Jede Meinung sollte durch drei Siebe: Was ich von Sokrates gelernt habe

Auf dieser Webseite frage ich die Erfahrensten und die Besten eines Faches nach ihrem Wissen und ihrer Weisheit. Aber auch woanders finden sich hilfreiche Lehren über gelingende Arbeit oder gelingendes Leben. Im Buch »Jung im Kopf« zitiert der Biologe und Hirnforscher Martin Korte den Philosophen Sokrates mit der folgenden Geschichte:

Die drei Siebe des Weisen
Zum weisen Sokrates kam einer gelaufen und sagte: »Höre, Sokrates, das muss ich dir erzählen!« 

»Halte ein!« unterbrach ihn der Weise. »Hast du das, was du mir sagen willst, durch die drei Siebe gesiebt?«
»Drei Siebe?«, fragte der andere voller Verwunderung.
»Ja, guter Freund! Lass sehen, ob das, was du mir erzählen willst, durch die drei Siebe hindurchgeht: Das erste ist die Wahrheit. Hast du alles, was du mir erzählen willst, geprüft, ob es wahr ist?«
»Nein, ich hörte es erzählen und …«
»So, so! Aber sicher hast du es im zweiten Sieb geprüft. Es ist das Sieb der Güte. Ist das, was du mir erzählen willst, gut?«
Zögernd sagte der andere: »Nein, im Gegenteil … «
»Hm«, unterbrach ihn der Weise, »so lass uns auch das dritte Sieb noch anwenden. Ist es notwendig, dass du mir das erzählst?«
»Notwendig nun gerade nicht …«
»Also, sagte lächelnd der Weise, »wenn es weder wahr noch gut noch notwendig ist, so lass es begraben sein und belaste dich und mich nicht damit.«

In Martin Kortes Buch geht es im Nachgang um Weisheit im Alter, sehr interessant. Die Sokrates-Episode aber (deren Quelle man nicht genau kennt), finde ich in dieser zitierten Form recht anmaßend. Würde man jede Nachricht durchs Sieb sieben, hätten wir keine Zeitungen, denn in den allermeisten Fällen finden vor allem schlechte Nachrichten ihren Weg in die Öffentlichkeit. Und, ehrlich: Eine Unterhaltung ist nur dann gut, wenn auch mal nicht Notwendiges gesagt werden kann.

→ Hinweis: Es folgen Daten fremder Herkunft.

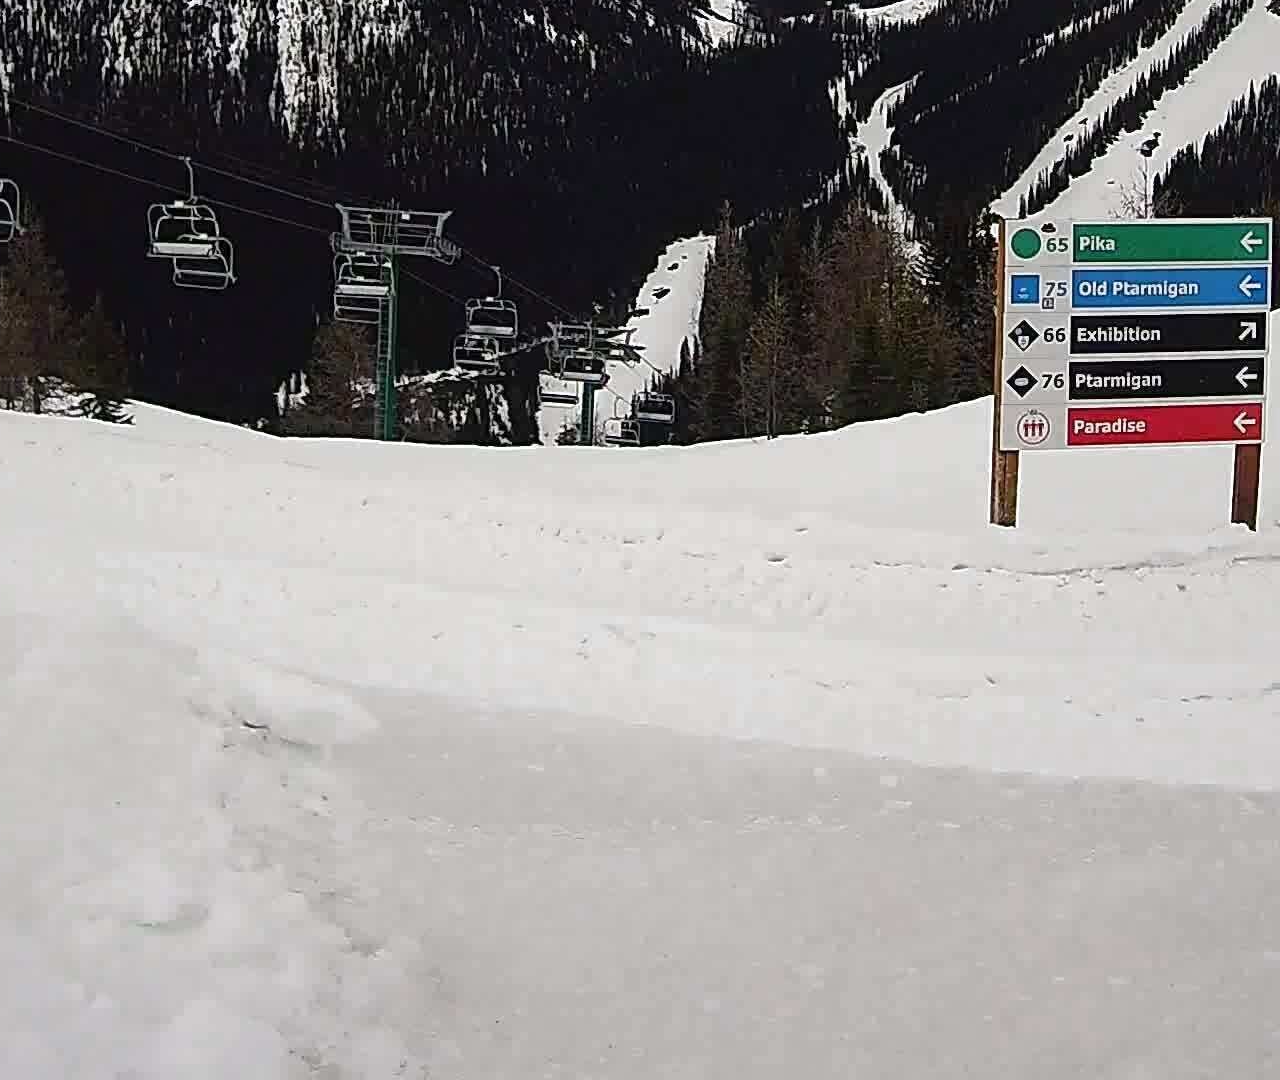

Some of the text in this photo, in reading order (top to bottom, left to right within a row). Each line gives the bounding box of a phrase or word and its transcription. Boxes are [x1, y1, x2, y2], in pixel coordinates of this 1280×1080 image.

[1045, 235, 1116, 253] 65 Pika
[1045, 279, 1199, 298] 75 Old Ptarmigan
[1043, 325, 1161, 343] 66 Exhibition
[1041, 371, 1162, 390] 76 Ptarmigan
[1073, 418, 1147, 435] Paradise

Kürzlich war ich bei Freunden und entdeckte auf einer Karte an einer Pinnwand eine frei interpretierte und vor allem verkürzte Version der Sokrates-Episode. Sie geht so:

Hast du deine Meinung schon durch die drei Siebe gegossen?
Jenes der Wahrheit?
Jenes der Güte?
Jenes der Notwendigkeit?

Klingt pastoral, finde ich in der Kompaktheit aber gut – weniger anmaßend, sehr direkt und vor allem auf den Umgang mit Meinungen bezogen. Wie anders könnten politische Diskurse und Debatten in den sozialen Medien verlaufen, wenn sich jeder diese drei Fragen stellen würde, ehe er seine Meinung formuliert.